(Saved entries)
=-=-=

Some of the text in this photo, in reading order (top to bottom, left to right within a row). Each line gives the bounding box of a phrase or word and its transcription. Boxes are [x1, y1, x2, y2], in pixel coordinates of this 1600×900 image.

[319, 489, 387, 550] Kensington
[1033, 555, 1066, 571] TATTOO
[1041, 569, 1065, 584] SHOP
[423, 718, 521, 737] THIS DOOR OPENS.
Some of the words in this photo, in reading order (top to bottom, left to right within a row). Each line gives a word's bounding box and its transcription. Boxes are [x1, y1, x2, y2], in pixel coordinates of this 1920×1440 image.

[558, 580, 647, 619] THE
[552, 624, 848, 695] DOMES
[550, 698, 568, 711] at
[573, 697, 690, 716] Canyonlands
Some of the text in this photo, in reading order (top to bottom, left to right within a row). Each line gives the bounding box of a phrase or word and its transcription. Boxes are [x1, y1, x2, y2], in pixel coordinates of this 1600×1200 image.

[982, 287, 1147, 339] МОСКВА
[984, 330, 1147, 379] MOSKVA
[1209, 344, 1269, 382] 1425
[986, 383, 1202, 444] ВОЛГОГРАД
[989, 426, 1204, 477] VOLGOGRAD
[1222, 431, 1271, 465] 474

=-=-=

WHAT THIS TASK INVOLVES.
Here, the records must be output exactly and in full.

SOLVED EXERCISE.
Some of the text in this photo, in reading order (top to bottom, left to right within a row). Each line gives the bounding box of a phrase or word and its transcription. Boxes are [x1, y1, x2, y2], in pixel coordinates of this 1600×900 image.

[319, 489, 387, 550] Kensington
[1033, 555, 1066, 571] TATTOO
[1041, 569, 1065, 584] SHOP
[423, 718, 521, 737] THIS DOOR OPENS.
Some of the words in this photo, in reading order (top to bottom, left to right within a row). Each line gives a word's bounding box and its transcription. Boxes are [x1, y1, x2, y2], in pixel coordinates of this 1920×1440 image.

[558, 580, 647, 619] THE
[552, 624, 848, 695] DOMES
[550, 698, 568, 711] at
[573, 697, 690, 716] Canyonlands
Some of the text in this photo, in reading order (top to bottom, left to right within a row). Each line gives the bounding box of a phrase or word and its transcription. Boxes are [x1, y1, x2, y2], in pixel coordinates of this 1600×1200 image.

[982, 287, 1147, 339] МОСКВА
[984, 330, 1147, 379] MOSKVA
[1209, 344, 1269, 382] 1425
[986, 383, 1202, 444] ВОЛГОГРАД
[989, 426, 1204, 477] VOLGOGRAD
[1222, 431, 1271, 465] 474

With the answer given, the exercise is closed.